Otherwise, ask "Which approaches should I compare in detail?" using AskUserQuestion with multiSelect enabled so the user can select multiple approaches at once. List each approach label as a separate option.
- •If only 1 approach is selected: Provide a condensed deep-dive before emitting the Proposal Summary. Include affected files and areas with specifics (from Phase 2 findings) and condensed Impact Tracking (Gains / Losses only, no comparison table). Skip the Pros/Cons comparison and risk-per-approach comparison (no comparison target), but ensure the Proposal Summary contains sufficient detail for
/soda-plan. Include Implementation Hints and Scope Boundary in the Proposal Summary if relevant findings exist. - •If all approaches are selected, or 2-3 approaches are selected, proceed to Phase 4.
Phase 4: Detailed Comparison & Decision
For the shortlisted approaches, provide:
- •Detailed implementation outline
- •Affected files and areas with specifics
- •Pros / Cons comparison table
- •Risk assessment per approach
- •Impact Tracking: For each candidate, compare side by side:
- •Gains: What will be achieved (problem resolution, UX improvement, performance, etc.)
- •Losses / Risks: What might be lost or degraded (existing functionality, UX aspects, compatibility)

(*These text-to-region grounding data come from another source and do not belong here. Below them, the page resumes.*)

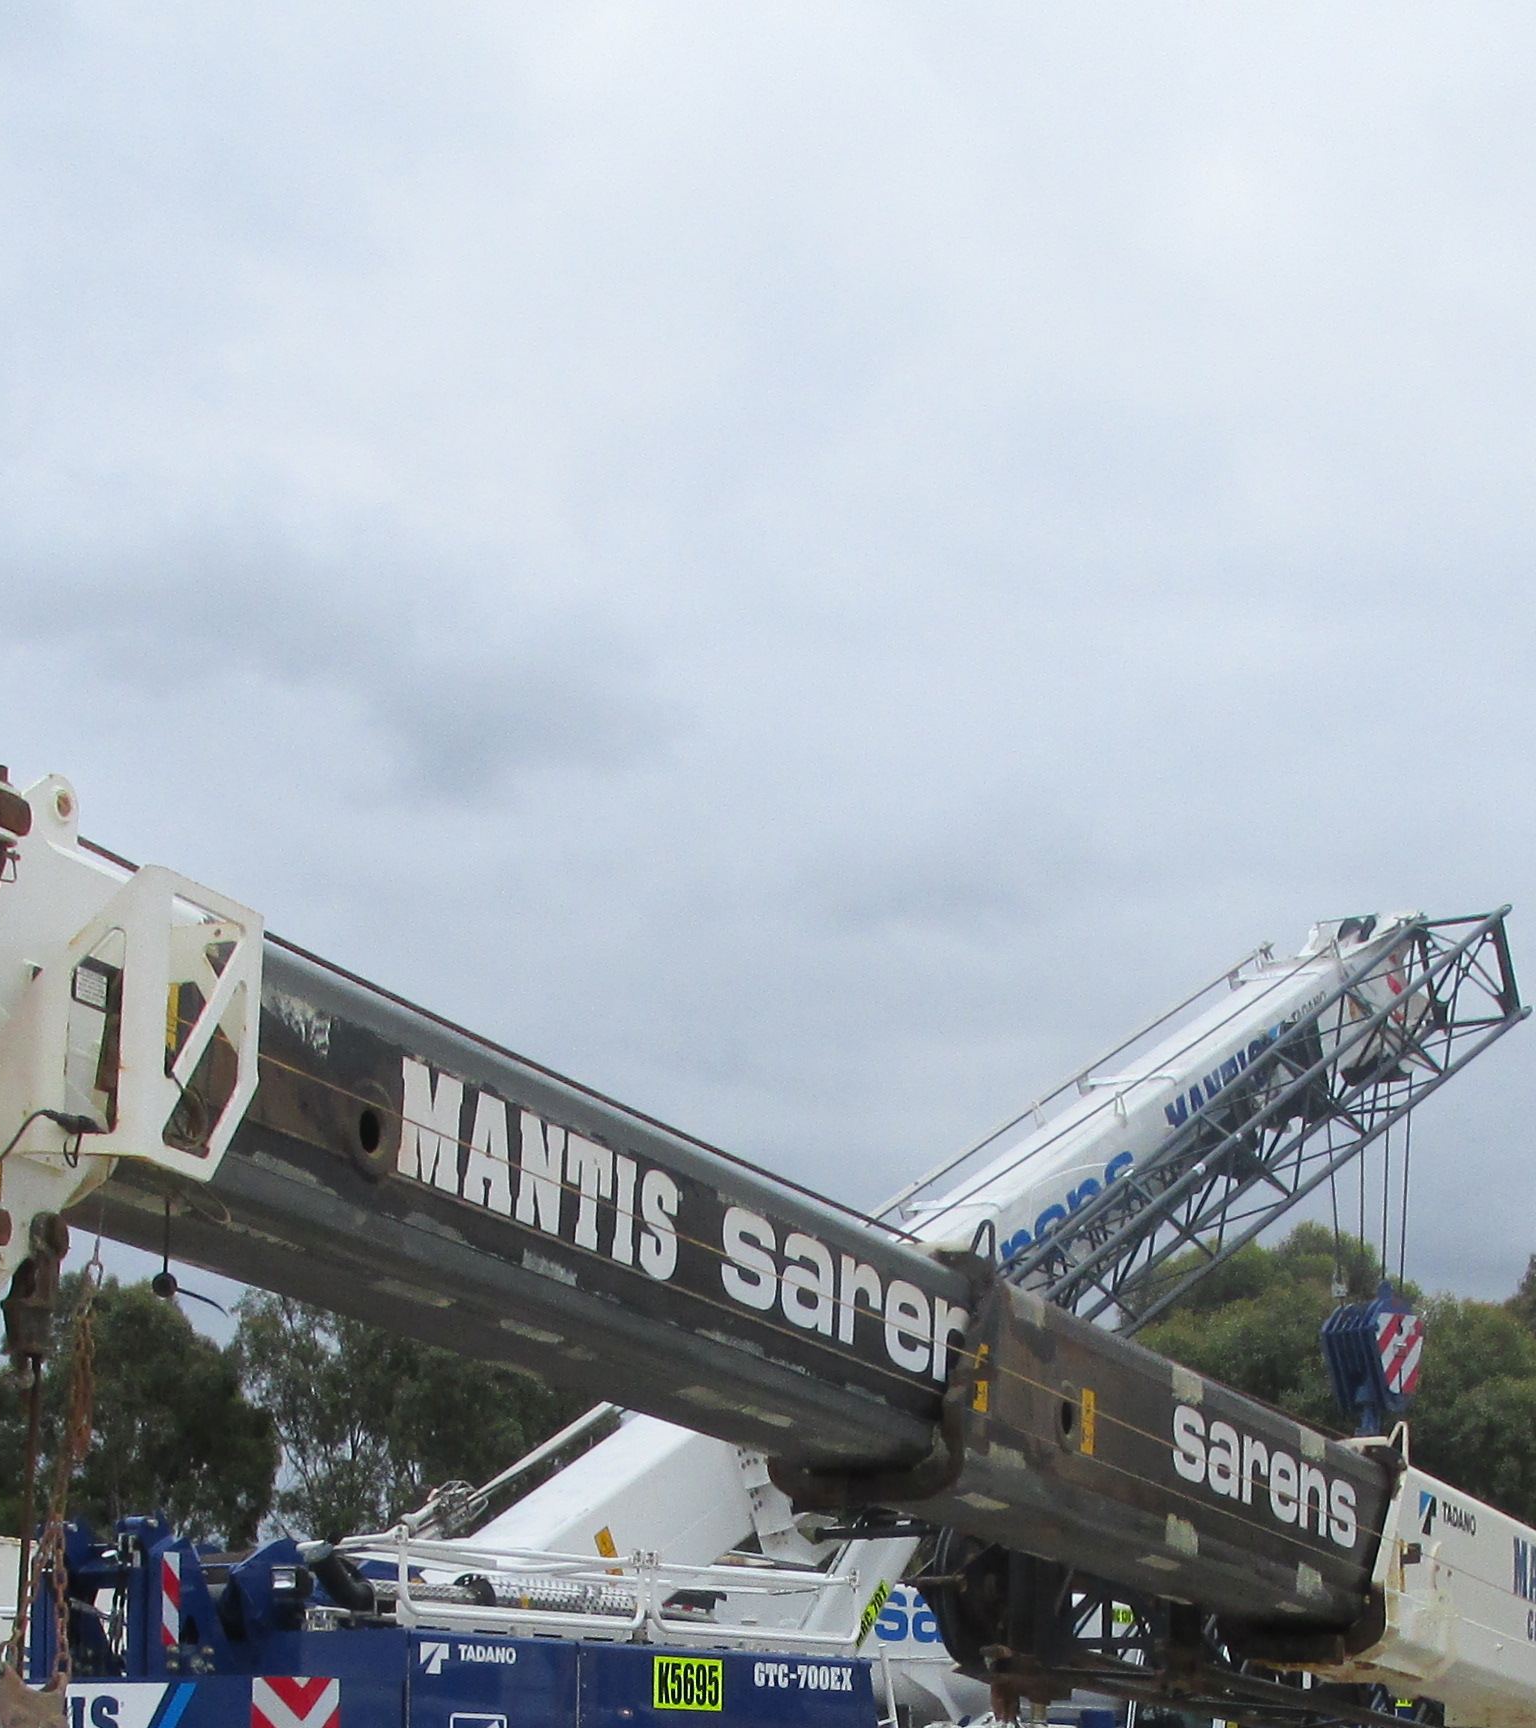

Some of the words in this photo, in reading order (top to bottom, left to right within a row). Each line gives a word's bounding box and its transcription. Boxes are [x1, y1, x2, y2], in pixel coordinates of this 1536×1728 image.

[397, 1055, 681, 1281] MANTIS
[1171, 1403, 1357, 1548] sarens
[1442, 1501, 1477, 1537] TADANO
[458, 1643, 517, 1665] TADANO
[658, 1663, 720, 1707] K5695
[754, 1662, 853, 1692] GTC-700EX

- •UX Delta: How the end-user experience changes concretely
- •Recommendation with reasoning
- •When emitting the Proposal Summary, populate Implementation Hints if the comparison revealed meaningful implementation ordering or architectural decisions. Populate Scope Boundary if the selected approach has explicit exclusions or deferrals.
Use AskUserQuestion to confirm the final selection. Options should include each shortlisted approach by label, plus "None of these — revisit from scratch". On selection, emit the Proposal Summary and suggest /soda-plan.
If the user rejects all approaches, return to Phase 1. Use AskUserQuestion to determine the next step: "Redefine the problem and re-investigate" / "Broaden scope to find additional approaches" / "End this exploration".
Proposal Summary Format
When the user makes a final selection, emit the following block. This serves as a handoff point for /soda-plan.
Guidelines for effective handoff:
- •
Ensure
/soda-plancan proceed without re-investigating the same areas - •
Prefer structured data (file paths, type signatures, explicit dependencies) over prose descriptions
- •
Focus on decisions made and their rationale, not implementation details
- •
Include optional sections (Implementation Hints, Scope Boundary) when they provide actionable context for planning
Proposal Summary
Problem: (one-sentence description) Selected: Approach (Label) — (one-sentence summary)
Key Findings
- •(critical discovery from investigation)
- •(relevant constraint or dependency)
Affected Areas
- •
path/to/file— (why relevant)
Expected Impact
- •Gains: (what will be achieved)
- •Potential Losses: (what might be lost or degraded)
- •UX Changes: (how the end-user experience changes)
Risks
- •(key risk specific to this approach)
Implementation Hints (optional)
- •(suggested implementation order or dependency chain)
- •(architectural decision made during comparison — e.g., "use X pattern because Y")
Scope Boundary (optional)
- •In scope: (what this approach covers)
- •Deferred: (what is intentionally left for future work)
Rejected Alternatives
- •Approach (Label): (one-sentence reason) — rejected after detailed comparison (omit this section if no approaches were compared in Phase 4)
Not Compared
- •Approach (Label): (one-sentence reason for not shortlisting) (omit this section if all proposed approaches were shortlisted)
Constraints
- •This skill only proposes. Do NOT implement anything.
- •Do NOT modify any code (read-only investigation only).
- •After confirming the selection, wait for the user to decide the next step.